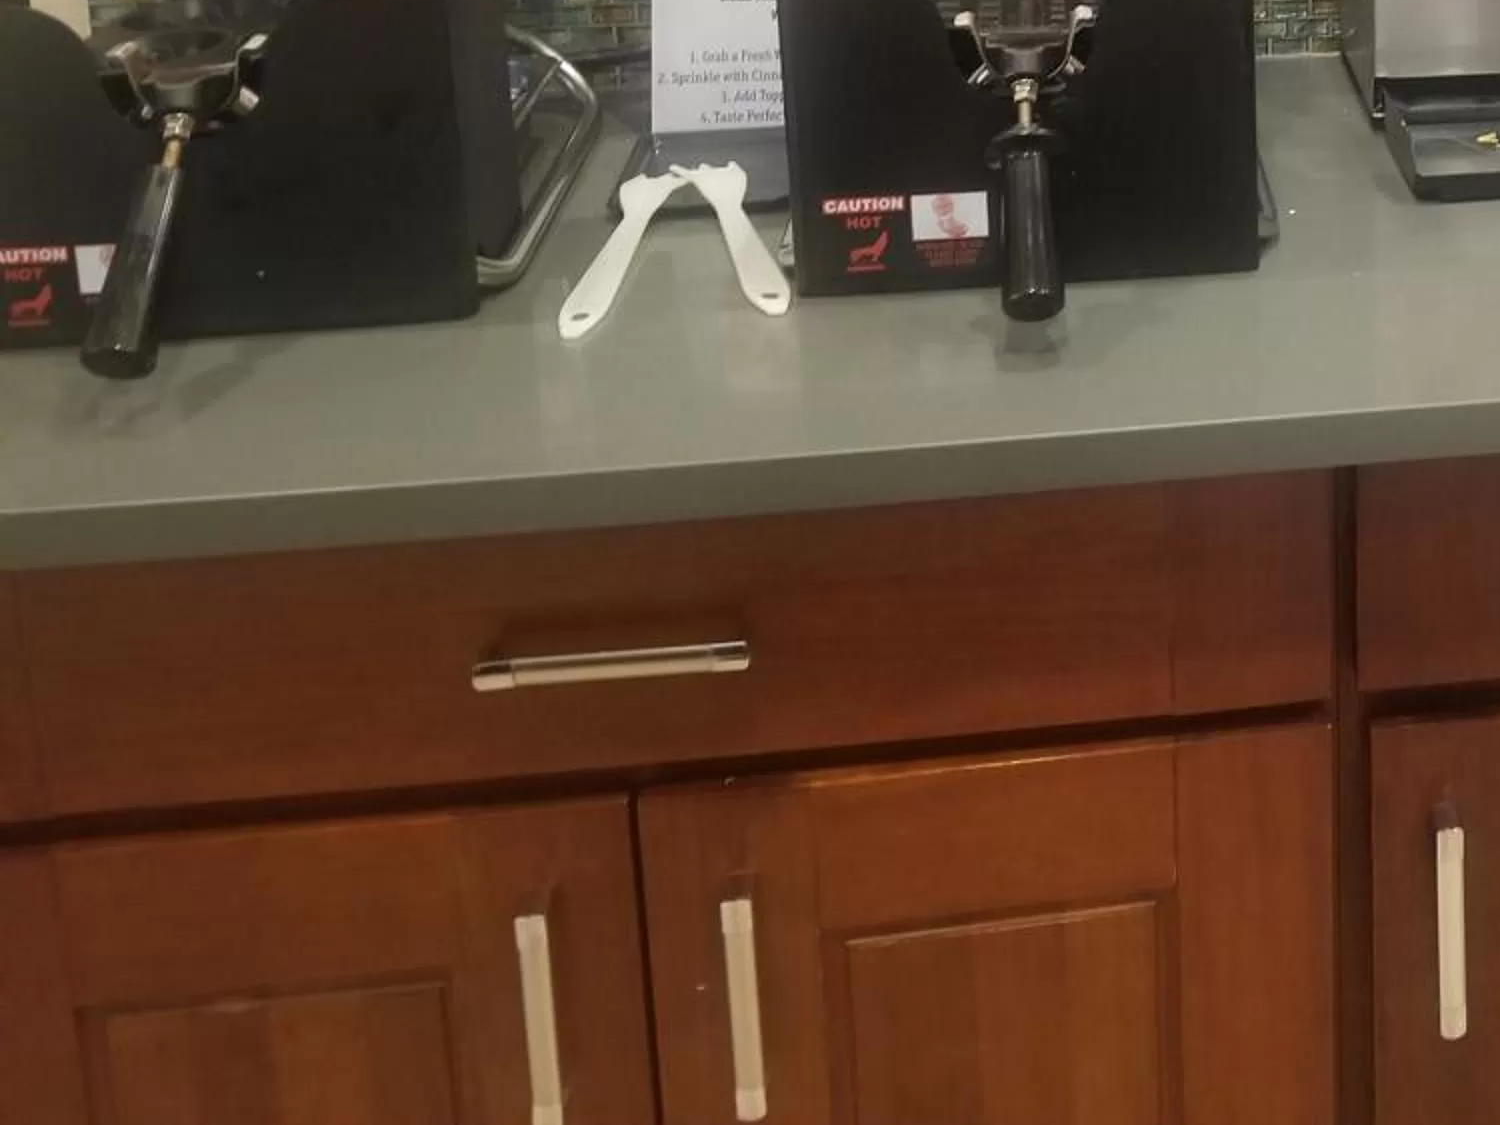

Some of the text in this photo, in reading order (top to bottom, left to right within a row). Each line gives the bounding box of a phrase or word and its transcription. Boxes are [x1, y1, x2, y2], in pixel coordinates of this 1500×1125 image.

[671, 69, 721, 87] Sprinkle
[722, 69, 749, 82] with
[821, 195, 905, 215] CAUTION
[846, 216, 883, 230] HOT
[4, 267, 44, 282] HOT
■ ■ ■
What you have to do
Reproduce each record from above exactly; pictures do not belong in the copy.

Output of the task
Some of the text in this photo, in reading order (top to bottom, left to right within a row). Each line gives the bounding box of a phrase or word and its transcription. Boxes are [x1, y1, x2, y2], in pixel coordinates of this 1500×1125 image.

[671, 69, 721, 87] Sprinkle
[722, 69, 749, 82] with
[821, 195, 905, 215] CAUTION
[846, 216, 883, 230] HOT
[4, 267, 44, 282] HOT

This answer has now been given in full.